Members of the Welsh Assembly have voiced fears that Llanwern, one of four integrated steel plans in the UK, could be vulnerable to closure because Hoogovens has a state-of-the art plant in Holland producing flat rolled coil for the automotive industry.
Meanwhile, trade unions have warned that up to 5,000 jobs could be at risk among the combined workforce of 66,000.
Ken Jackson, general secretary of the AEEU engineering union, which represents more than a quarter of the British Steel workforce, said: "The danger is that it is much easier to make people redundant here than in other parts of Europe. We will be seeking undertakings to ensure that does not happen."
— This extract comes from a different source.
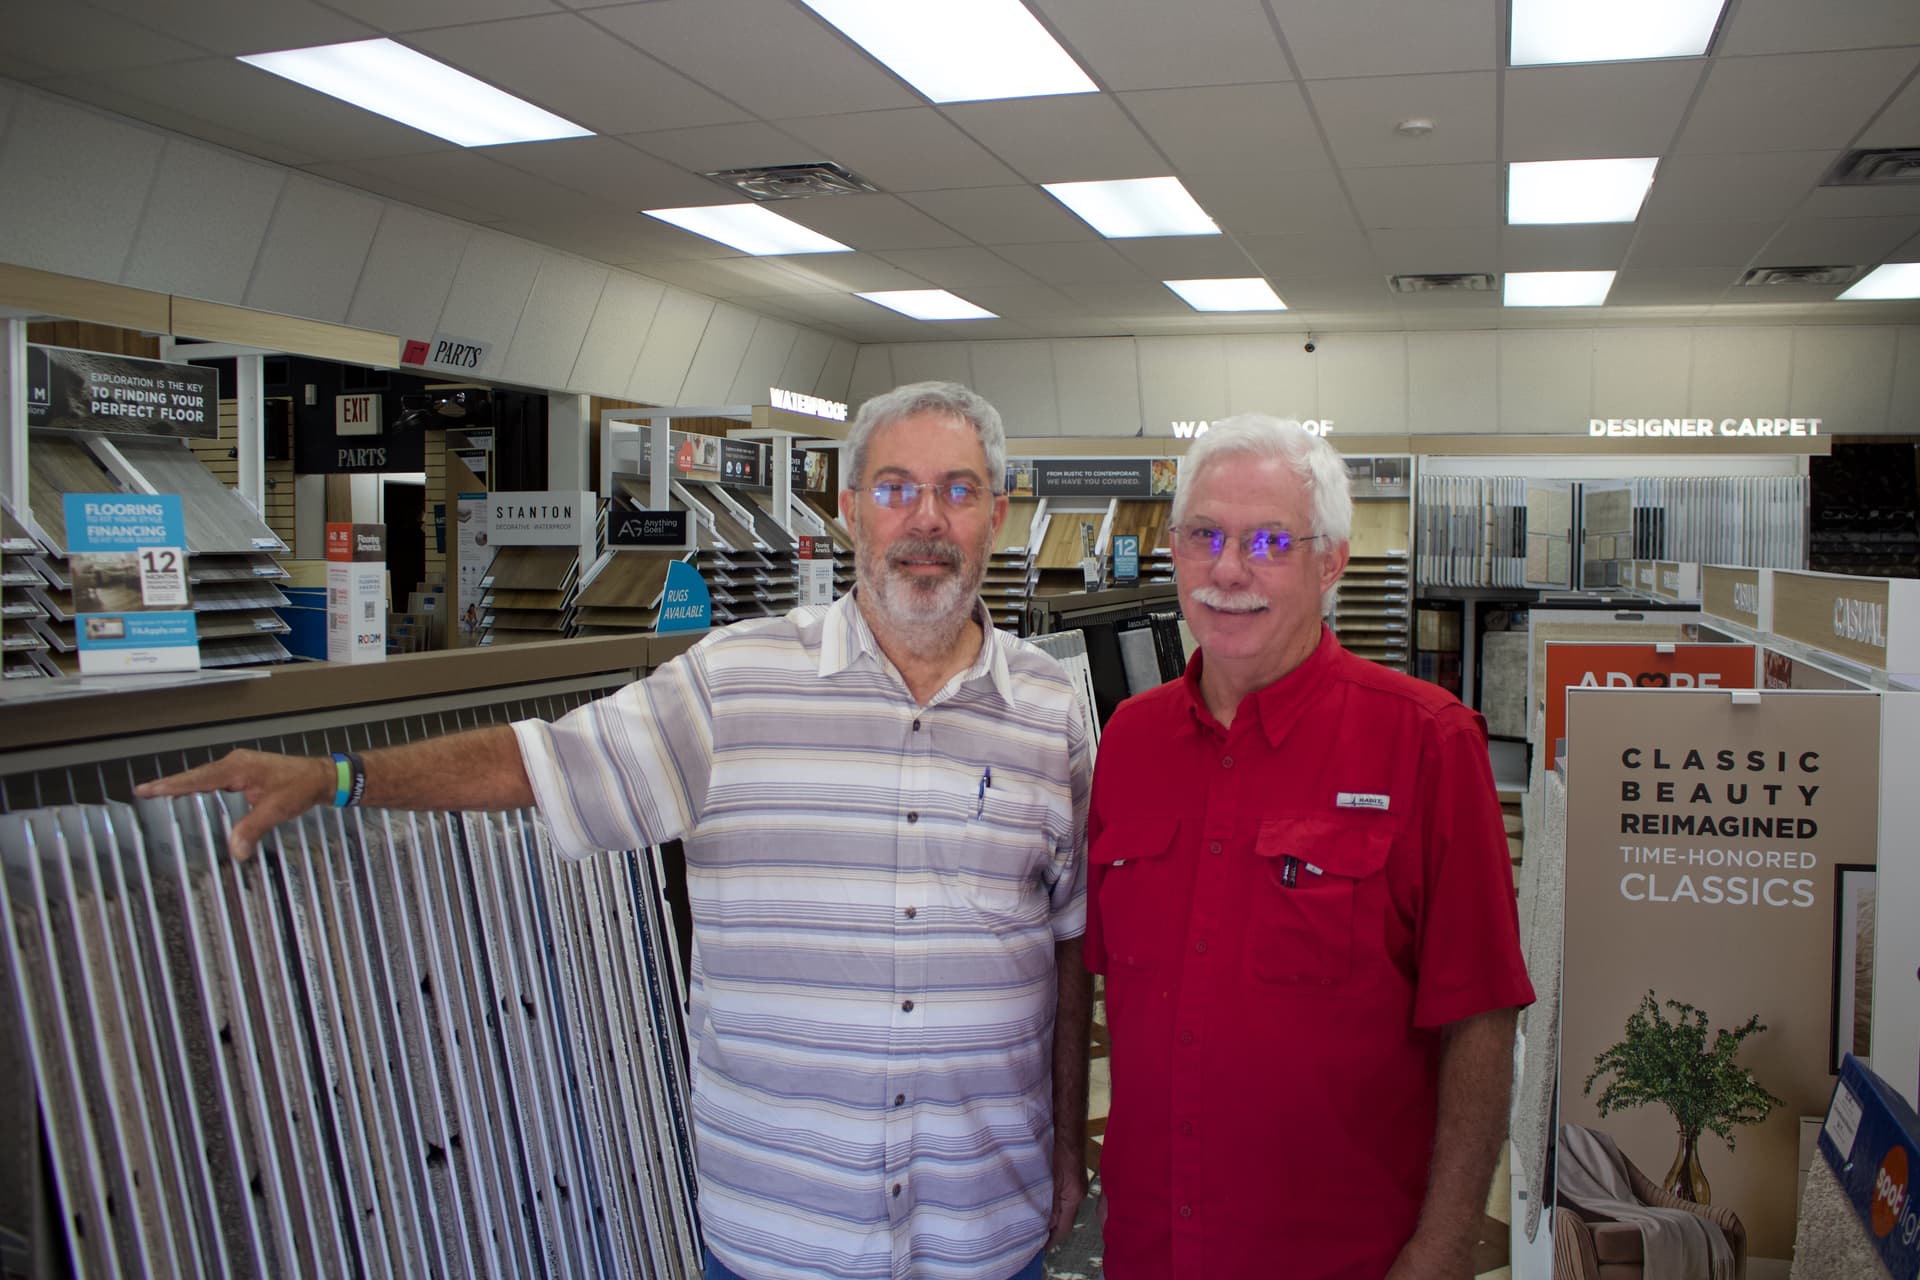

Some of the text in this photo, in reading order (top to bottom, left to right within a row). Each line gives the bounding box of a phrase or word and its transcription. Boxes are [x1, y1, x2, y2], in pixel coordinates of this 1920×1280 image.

UK trade unions will meet their Dutch counterparts later this week to agree a united front on job losses.
The merger will be accompanied by a pounds 694 special dividend to British Steel shareholders, worth 35p a share. Under the all-share offer British Steel shareholders will get 62 per cent of the new company and Hoogovens shareholders will get 38 per cent.
British Steel, which is in effect taking over the Dutch company, is paying Hoogovens shareholders a 15-20 per cent premium on the value of their existing shares. The new company will have its headquarters in London and be registered in the UK, and three of the five top executive directors will come from British Steel. The two joint chief executives will take it in turns to run the executive committee for two-year periods, after which both of them will retire.
The impetus for the merger came from Mr van Duyne, who approached Mr Bryant in early January with a proposal to combine the two companies' construction steels businesses. The talks quickly developed into full- blown merger negotiations.